STUDY MATERIAL:
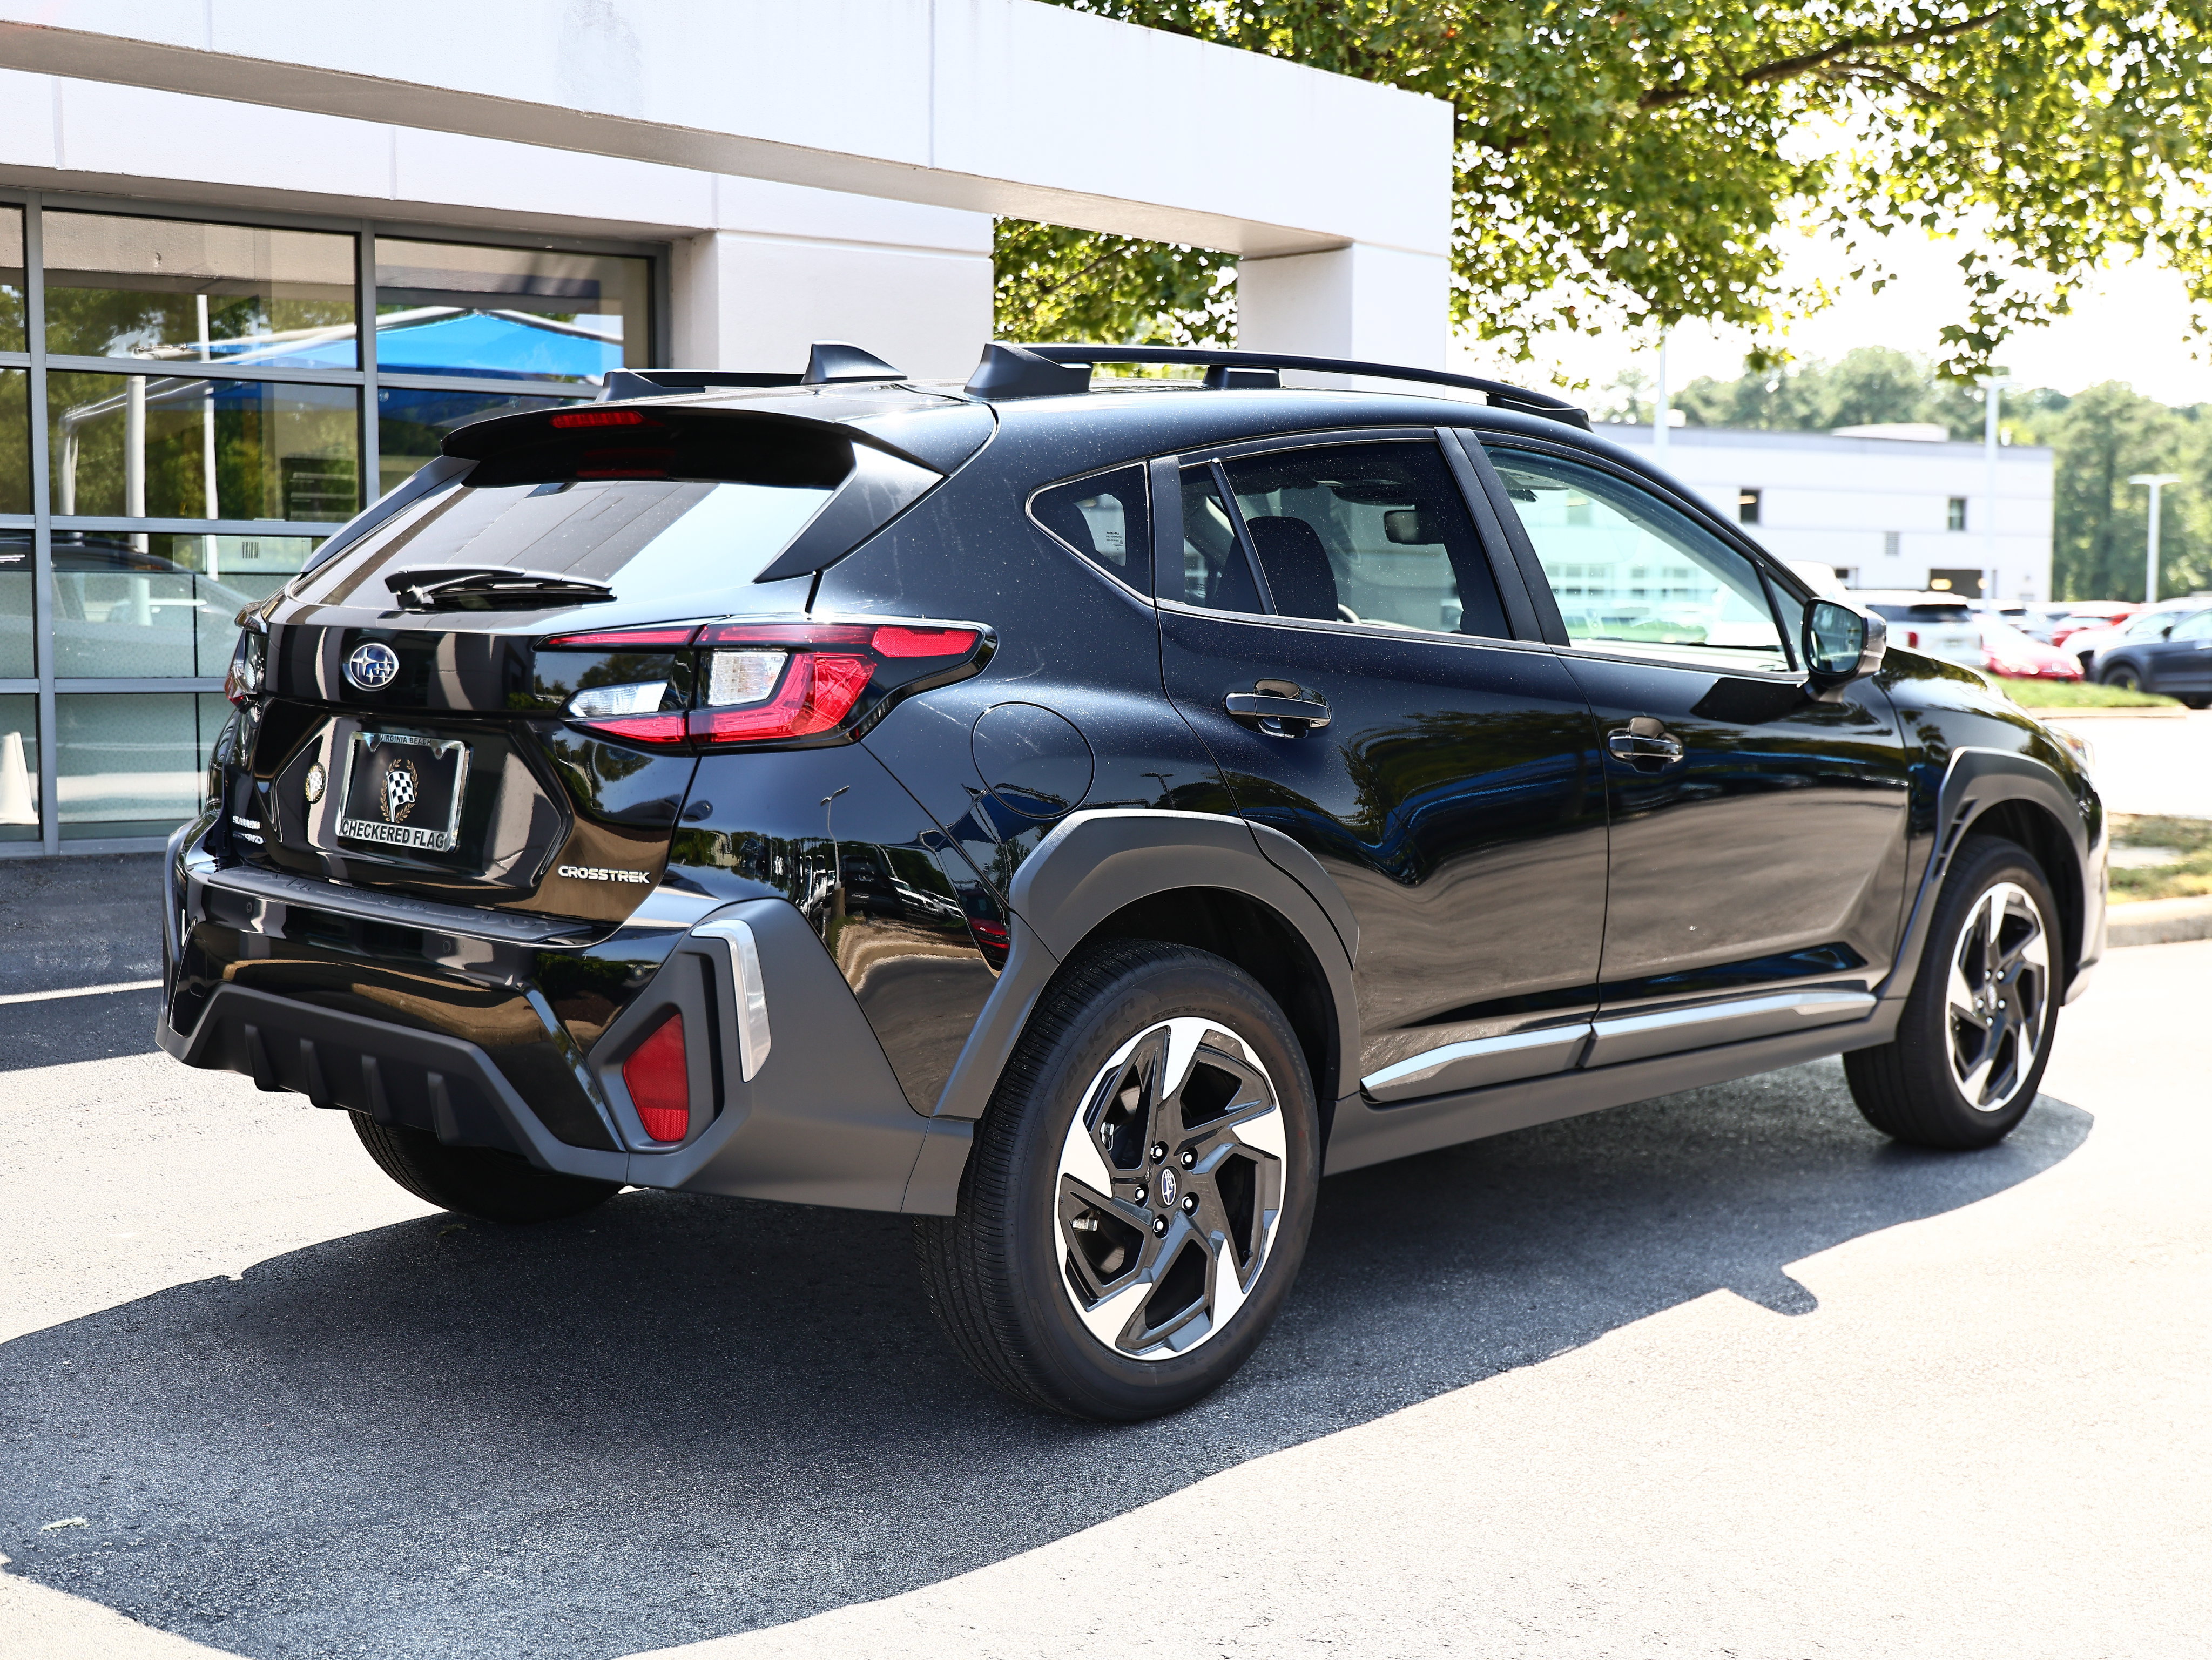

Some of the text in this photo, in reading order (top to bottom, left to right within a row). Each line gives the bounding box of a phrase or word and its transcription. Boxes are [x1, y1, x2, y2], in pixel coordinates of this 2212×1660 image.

[380, 734, 408, 743] VIRGINIA
[232, 815, 260, 830] SUBARU
[342, 820, 444, 849] CHECKERED FLAG
[558, 866, 650, 884] CROSSTREK

PROBLEM REQUIREMENTS:
In your copy, exclude the pictures and repeat each entry above exactly.

WRITTEN RESPONSE:
Some of the text in this photo, in reading order (top to bottom, left to right within a row). Each line gives the bounding box of a phrase or word and its transcription. Boxes are [x1, y1, x2, y2], in pixel coordinates of this 2212×1660 image.

[380, 734, 408, 743] VIRGINIA
[232, 815, 260, 830] SUBARU
[342, 820, 444, 849] CHECKERED FLAG
[558, 866, 650, 884] CROSSTREK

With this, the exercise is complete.